▸ PROVIDED RECORDS

"""

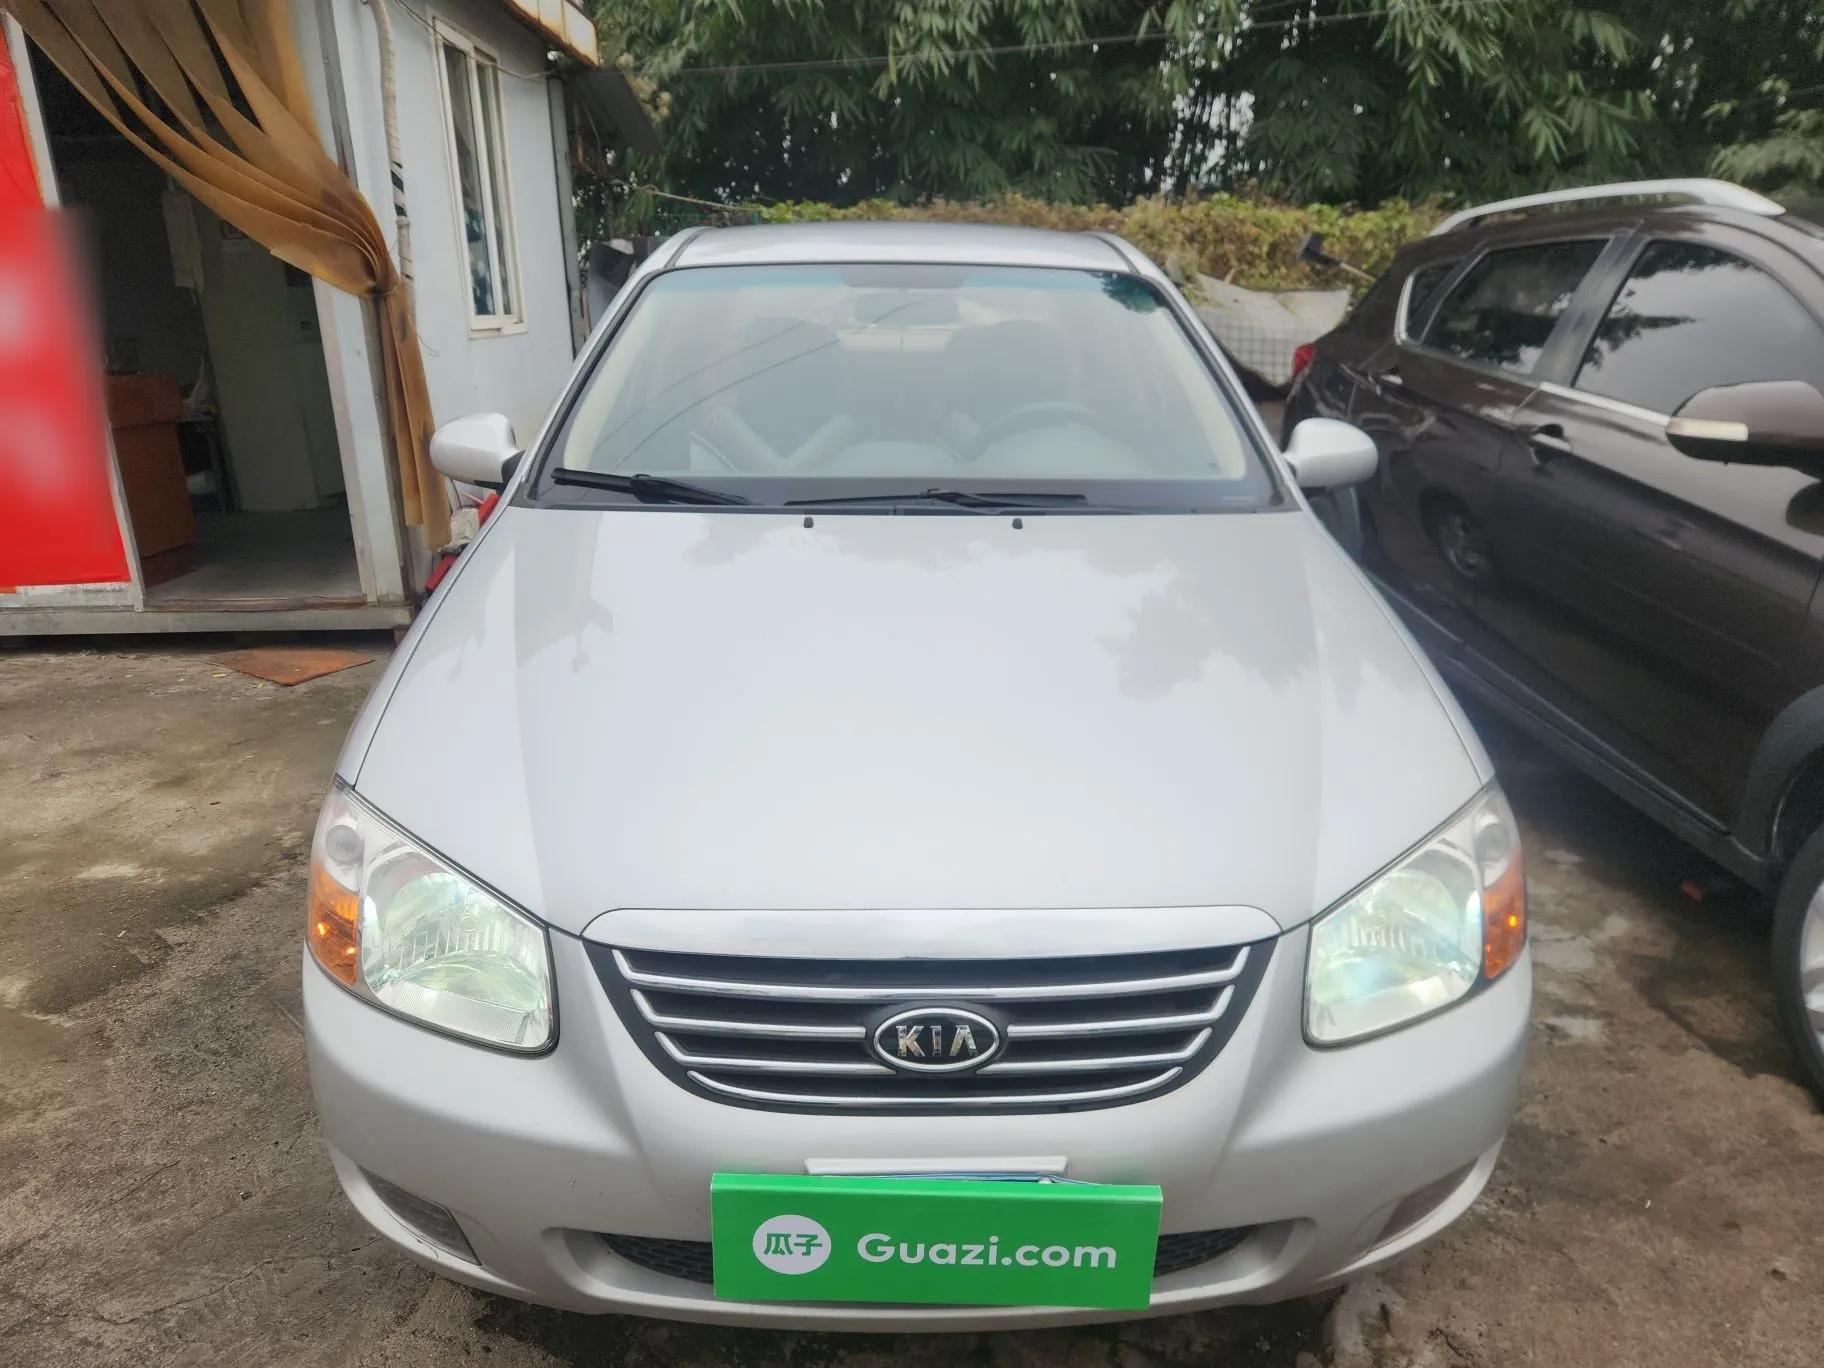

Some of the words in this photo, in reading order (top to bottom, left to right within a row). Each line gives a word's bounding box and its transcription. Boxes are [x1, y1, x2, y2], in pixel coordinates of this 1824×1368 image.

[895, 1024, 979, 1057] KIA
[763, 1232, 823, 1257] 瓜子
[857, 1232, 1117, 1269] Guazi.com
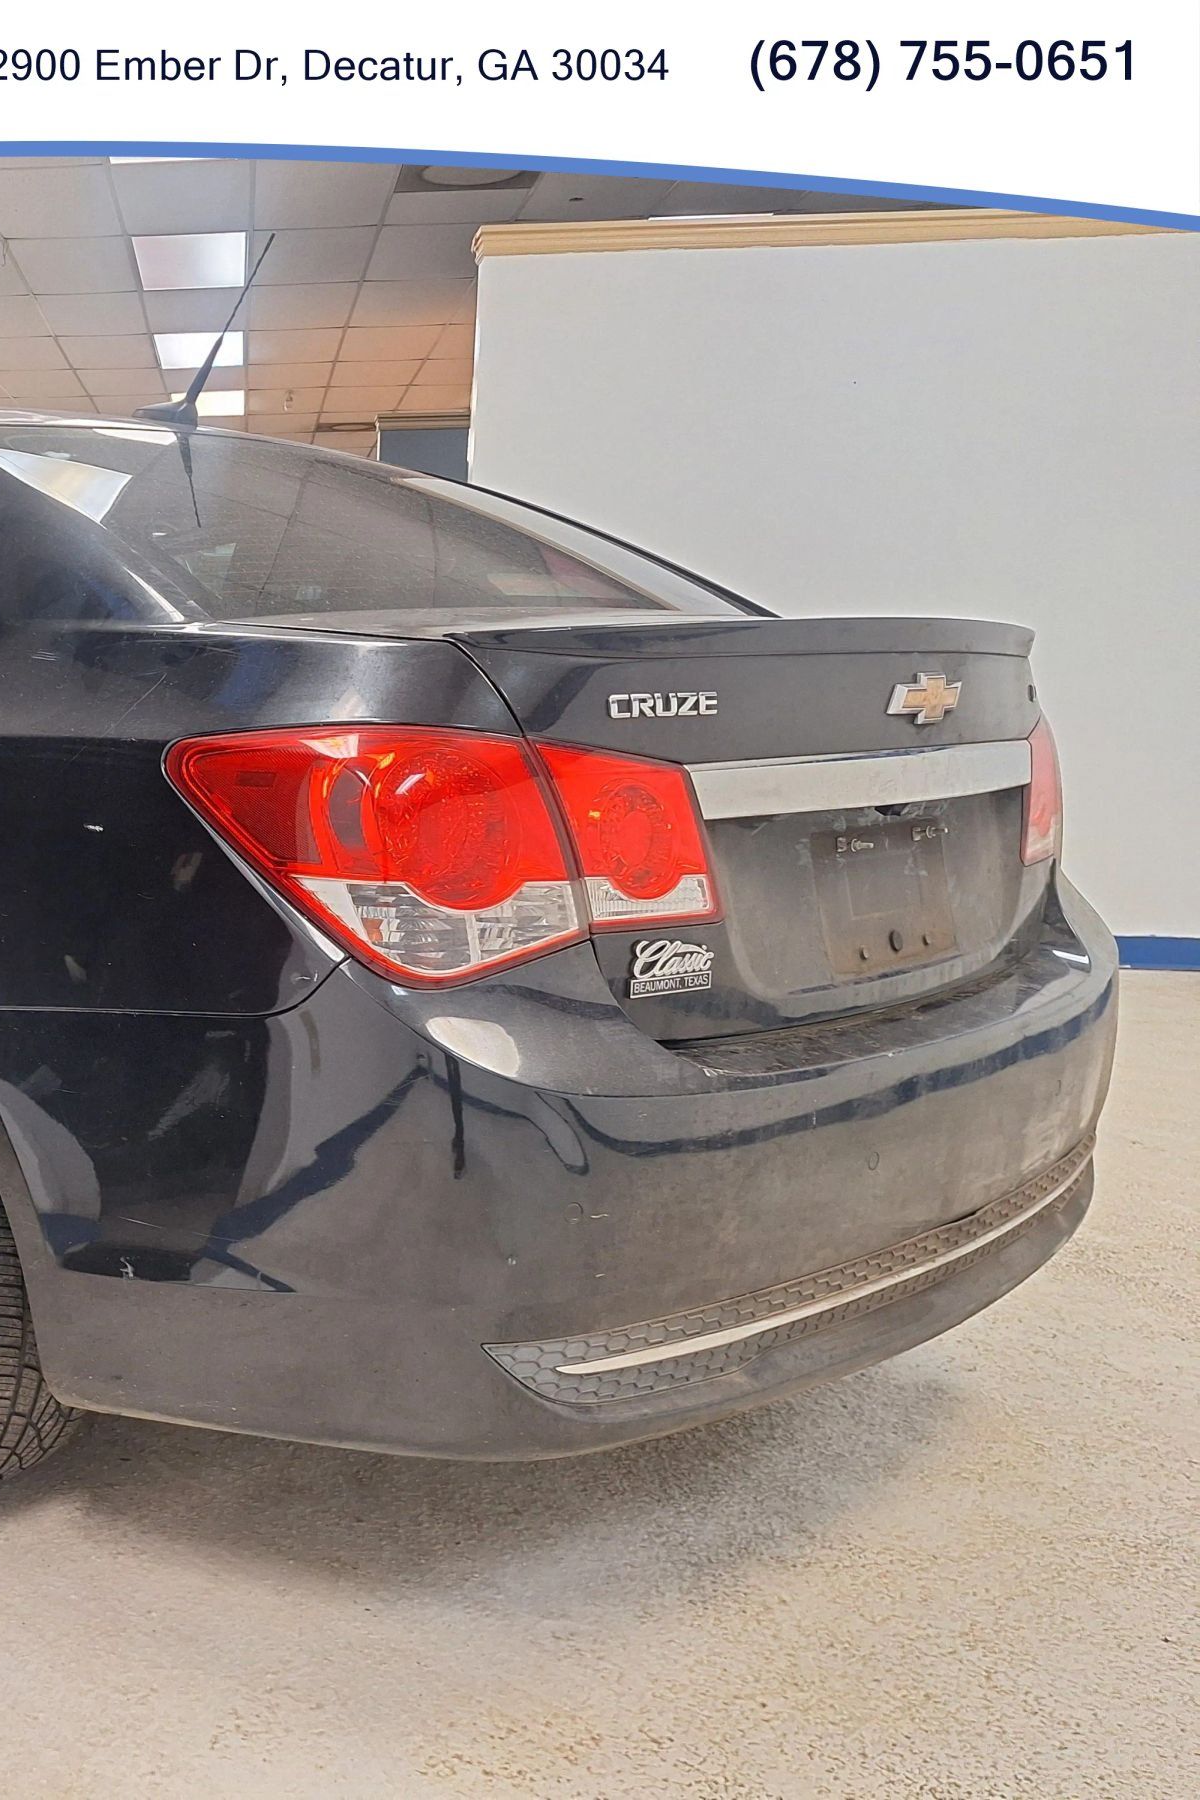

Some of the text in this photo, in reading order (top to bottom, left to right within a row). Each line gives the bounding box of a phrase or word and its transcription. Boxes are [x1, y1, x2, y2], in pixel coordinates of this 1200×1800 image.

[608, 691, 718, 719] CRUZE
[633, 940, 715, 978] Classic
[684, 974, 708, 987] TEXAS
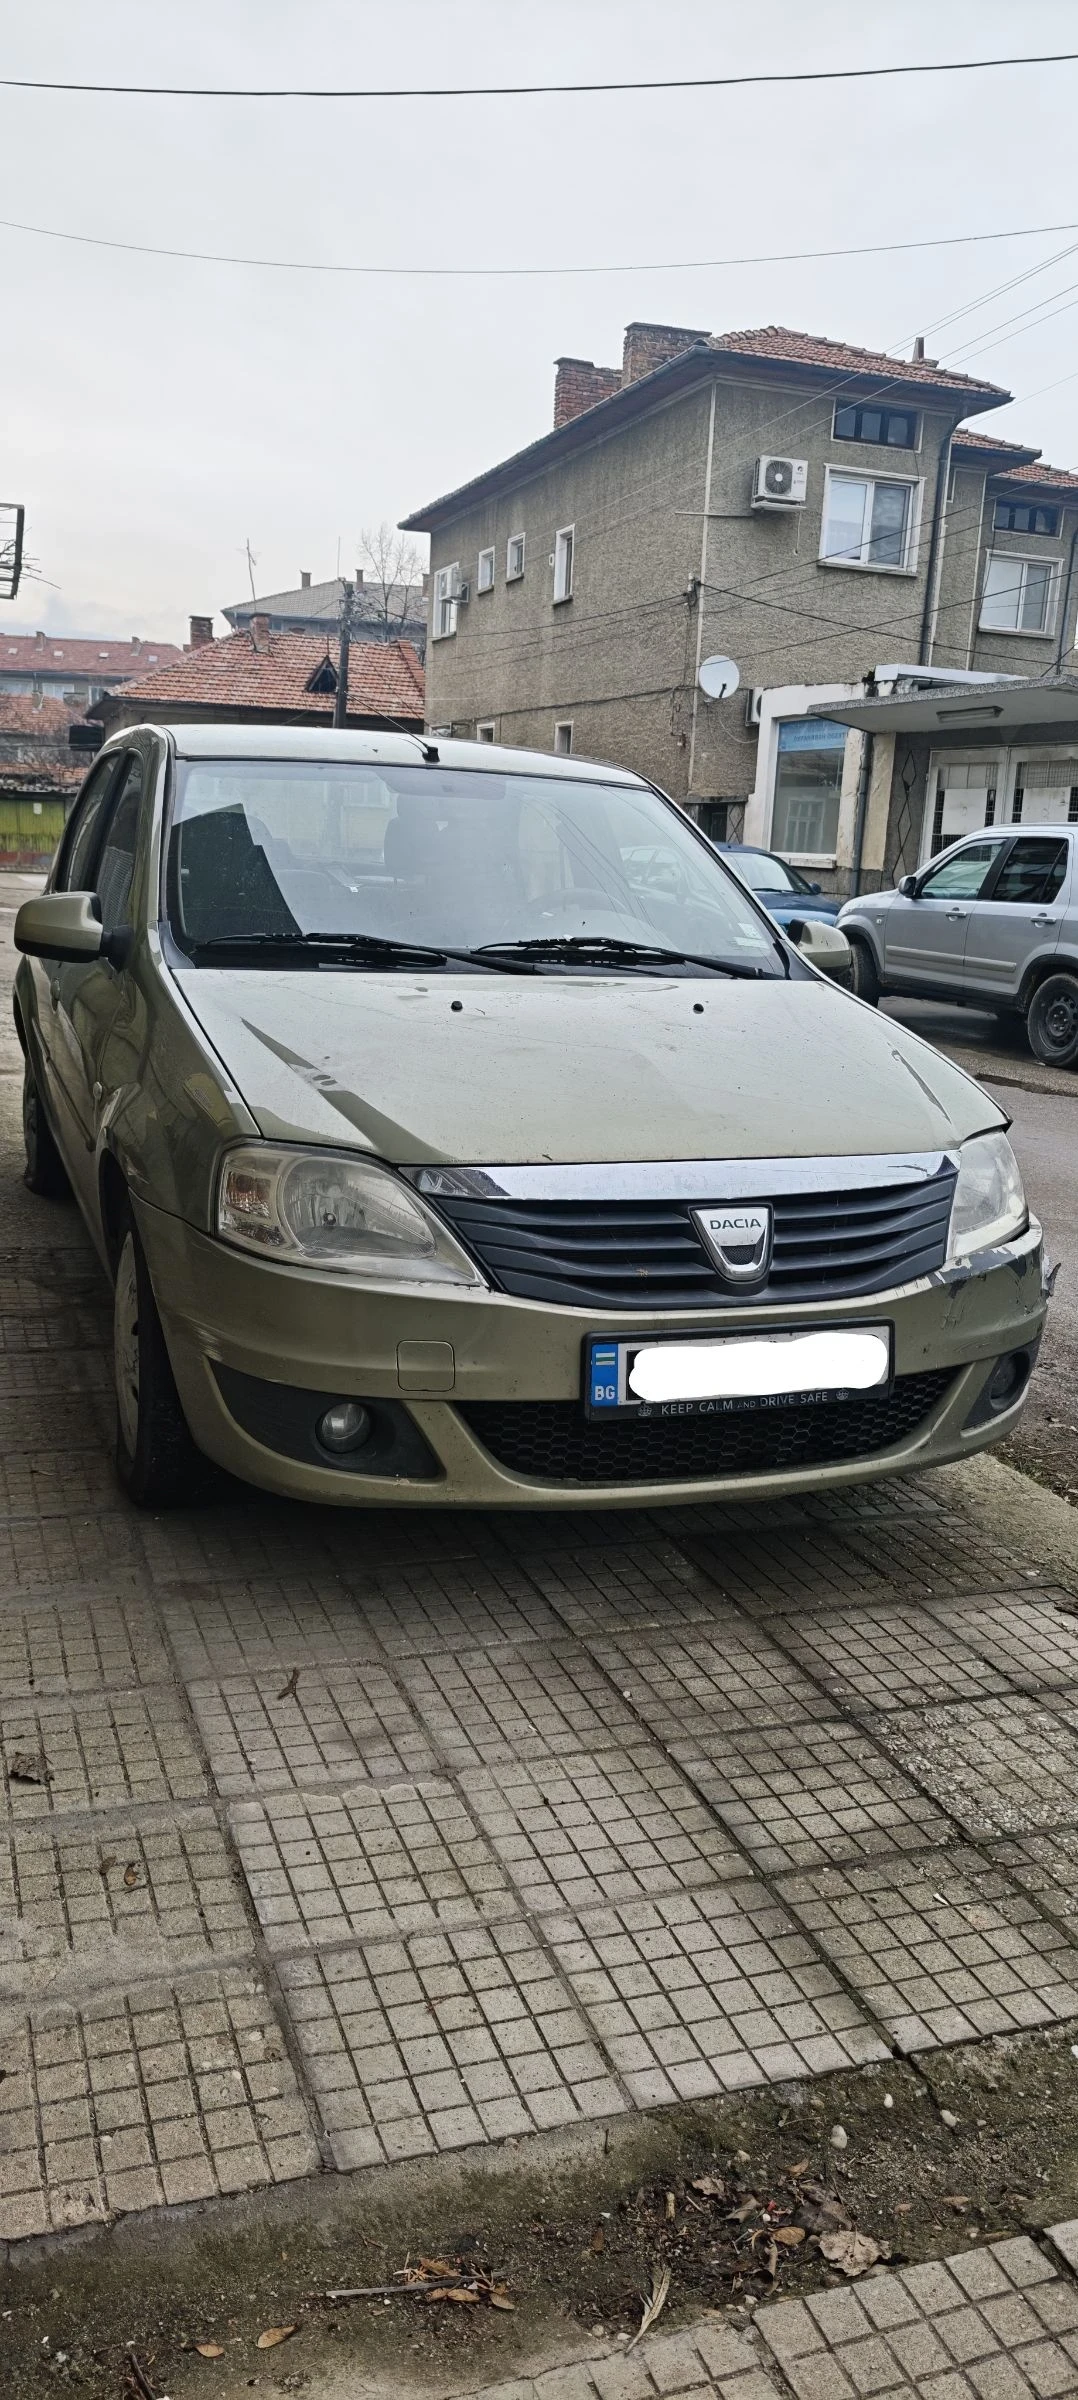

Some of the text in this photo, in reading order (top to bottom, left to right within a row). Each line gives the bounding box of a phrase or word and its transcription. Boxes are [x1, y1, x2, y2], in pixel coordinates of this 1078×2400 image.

"""

▸ TASK STATEMENT
Repeat the data exactly in full, omitting its pictures.

▸ SOLUTION
Some of the words in this photo, in reading order (top to bottom, left to right within a row). Each line gives a word's bounding box and its transcription. Boxes are [x1, y1, x2, y2], in pixel coordinates of this 1824×1368 image.

[895, 1024, 979, 1057] KIA
[763, 1232, 823, 1257] 瓜子
[857, 1232, 1117, 1269] Guazi.com

Some of the text in this photo, in reading order (top to bottom, left to right within a row). Each line gives the bounding box of a phrase or word and its transcription. Boxes are [x1, y1, x2, y2], in pixel coordinates of this 1200×1800 image.

[608, 691, 718, 719] CRUZE
[633, 940, 715, 978] Classic
[684, 974, 708, 987] TEXAS

Some of the text in this photo, in reading order (top to bottom, left to right within a row). Each line gives the bounding box of a phrase or word and its transcription. Boxes are [x1, y1, x2, y2], in pixel coordinates of this 1078×2400 image.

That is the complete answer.